Dante only stared back at him, the way he had then, and said nothing.
“Now I want to know the details,” Dario continued. He realized he’d tensed every muscle in his body and forced himself to relax. As best he could. “Anais has a child. He looks just like us.”
He searched his brother’s face. His own face, at a distance, as identical as it had ever been. As children and teenagers they’d played each other for days at a time to see if anyone noticed the switch. No one ever had.
Dario forced himself to ask the question. “Is he yours?”
“No.”
The word was like a stone hurled from a great height, and it landed between them with the force of too much gravity. Dario was surprised the roof deck didn’t buckle beneath them with the wallop of it. He was surprised he didn’t.
Dante looked stricken and fierce at once. “No. I never touched Anais, Dario. I never laid a single finger on her. I never would.”
And Dario realized that he’d known this, on some level. He must have known this, or he wouldn’t have turned and walked away.
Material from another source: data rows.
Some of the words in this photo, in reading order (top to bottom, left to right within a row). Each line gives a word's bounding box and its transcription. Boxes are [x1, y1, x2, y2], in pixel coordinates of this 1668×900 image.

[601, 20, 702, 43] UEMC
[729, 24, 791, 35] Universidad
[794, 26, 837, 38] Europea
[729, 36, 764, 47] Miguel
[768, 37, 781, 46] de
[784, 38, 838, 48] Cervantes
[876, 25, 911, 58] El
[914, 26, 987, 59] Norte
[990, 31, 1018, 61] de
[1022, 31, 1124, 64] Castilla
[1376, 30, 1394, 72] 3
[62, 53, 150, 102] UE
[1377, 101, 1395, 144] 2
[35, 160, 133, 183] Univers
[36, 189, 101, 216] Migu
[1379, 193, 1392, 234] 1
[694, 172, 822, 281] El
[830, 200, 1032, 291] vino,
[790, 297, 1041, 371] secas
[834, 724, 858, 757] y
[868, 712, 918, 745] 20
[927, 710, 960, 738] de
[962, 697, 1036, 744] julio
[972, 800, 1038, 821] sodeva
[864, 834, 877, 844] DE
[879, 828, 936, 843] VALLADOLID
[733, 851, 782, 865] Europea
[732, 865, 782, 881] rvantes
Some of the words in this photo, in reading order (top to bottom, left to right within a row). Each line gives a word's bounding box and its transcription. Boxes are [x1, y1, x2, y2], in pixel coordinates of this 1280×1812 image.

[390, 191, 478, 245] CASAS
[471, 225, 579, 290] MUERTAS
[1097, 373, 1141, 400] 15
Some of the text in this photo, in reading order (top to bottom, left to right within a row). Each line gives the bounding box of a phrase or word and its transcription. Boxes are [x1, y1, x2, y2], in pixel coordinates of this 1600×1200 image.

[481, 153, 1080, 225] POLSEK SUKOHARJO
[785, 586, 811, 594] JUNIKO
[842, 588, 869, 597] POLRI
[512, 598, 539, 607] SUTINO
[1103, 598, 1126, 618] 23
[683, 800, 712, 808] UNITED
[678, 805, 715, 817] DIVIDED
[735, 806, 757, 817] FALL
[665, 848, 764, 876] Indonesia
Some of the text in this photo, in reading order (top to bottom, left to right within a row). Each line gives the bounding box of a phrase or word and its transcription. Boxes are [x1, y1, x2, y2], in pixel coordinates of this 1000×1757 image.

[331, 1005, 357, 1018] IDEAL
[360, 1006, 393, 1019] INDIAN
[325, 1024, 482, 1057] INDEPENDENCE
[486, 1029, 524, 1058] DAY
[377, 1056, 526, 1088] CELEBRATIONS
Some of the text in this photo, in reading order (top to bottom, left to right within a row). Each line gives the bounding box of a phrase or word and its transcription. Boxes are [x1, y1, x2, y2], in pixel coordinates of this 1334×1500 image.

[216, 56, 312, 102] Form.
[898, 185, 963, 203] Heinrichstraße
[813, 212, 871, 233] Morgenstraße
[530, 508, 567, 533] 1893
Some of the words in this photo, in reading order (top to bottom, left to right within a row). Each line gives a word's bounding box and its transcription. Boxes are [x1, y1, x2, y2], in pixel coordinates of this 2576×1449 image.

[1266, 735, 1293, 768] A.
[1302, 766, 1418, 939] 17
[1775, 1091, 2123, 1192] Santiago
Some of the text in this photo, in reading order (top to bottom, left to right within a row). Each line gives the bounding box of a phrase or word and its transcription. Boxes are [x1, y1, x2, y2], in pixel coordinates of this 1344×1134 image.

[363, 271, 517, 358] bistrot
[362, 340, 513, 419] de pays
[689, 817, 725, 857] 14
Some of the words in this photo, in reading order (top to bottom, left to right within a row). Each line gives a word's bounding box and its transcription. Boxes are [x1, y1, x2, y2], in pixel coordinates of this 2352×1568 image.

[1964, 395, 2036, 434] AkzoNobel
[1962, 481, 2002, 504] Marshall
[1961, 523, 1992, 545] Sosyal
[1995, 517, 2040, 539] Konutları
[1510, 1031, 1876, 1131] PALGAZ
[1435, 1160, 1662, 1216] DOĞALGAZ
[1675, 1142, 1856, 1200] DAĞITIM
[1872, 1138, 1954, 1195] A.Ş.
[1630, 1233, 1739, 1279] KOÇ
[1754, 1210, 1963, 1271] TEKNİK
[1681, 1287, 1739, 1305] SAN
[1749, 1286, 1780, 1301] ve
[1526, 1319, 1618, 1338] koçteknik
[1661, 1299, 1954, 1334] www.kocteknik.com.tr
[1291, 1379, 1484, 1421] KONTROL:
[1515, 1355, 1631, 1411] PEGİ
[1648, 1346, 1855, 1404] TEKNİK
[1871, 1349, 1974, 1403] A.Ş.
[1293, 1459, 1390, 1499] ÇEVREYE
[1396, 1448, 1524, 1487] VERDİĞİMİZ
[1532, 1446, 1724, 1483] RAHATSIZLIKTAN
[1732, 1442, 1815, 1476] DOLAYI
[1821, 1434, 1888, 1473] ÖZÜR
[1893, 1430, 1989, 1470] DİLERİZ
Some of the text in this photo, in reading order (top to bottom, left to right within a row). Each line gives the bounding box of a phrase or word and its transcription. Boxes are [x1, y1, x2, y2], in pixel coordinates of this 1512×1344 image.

He wouldn’t have cut Dante and Anais off so completely, leaving them no recourse, if he’d thought they’d really cheated on him, because why would he have cared what they said then? And he certainly wouldn’t have thrown his revenge aside, ignored the way she’d deliberately aired their private business in the papers, all for the sake of a few family dinners. Not if he’d truly believed she was trying to foist off his brother’s child on him.
Because there was only one way Anais could be so sure Damian was Dario’s. Beyond a shadow of a doubt. Only one explanation.
This was what she’d meant, he understood now. This was what she couldn’t live with. It wasn’t only that he’d believed the worst of her. It was that he must have been looking for something hideous to believe about her as his way out, because look how quickly he’d taken it. Look what damage he’d done.
What he didn’t know was why.
“You let me believe otherwise,” he said now to the twin who was the lost part of him. How had he pretended all this time that he was whole when that was laughable at best? He didn’t care that his voice was too thick. “Deliberately.”
Dante moved then, closing the distance between them to stand nearer to Dario at the deck’s rail.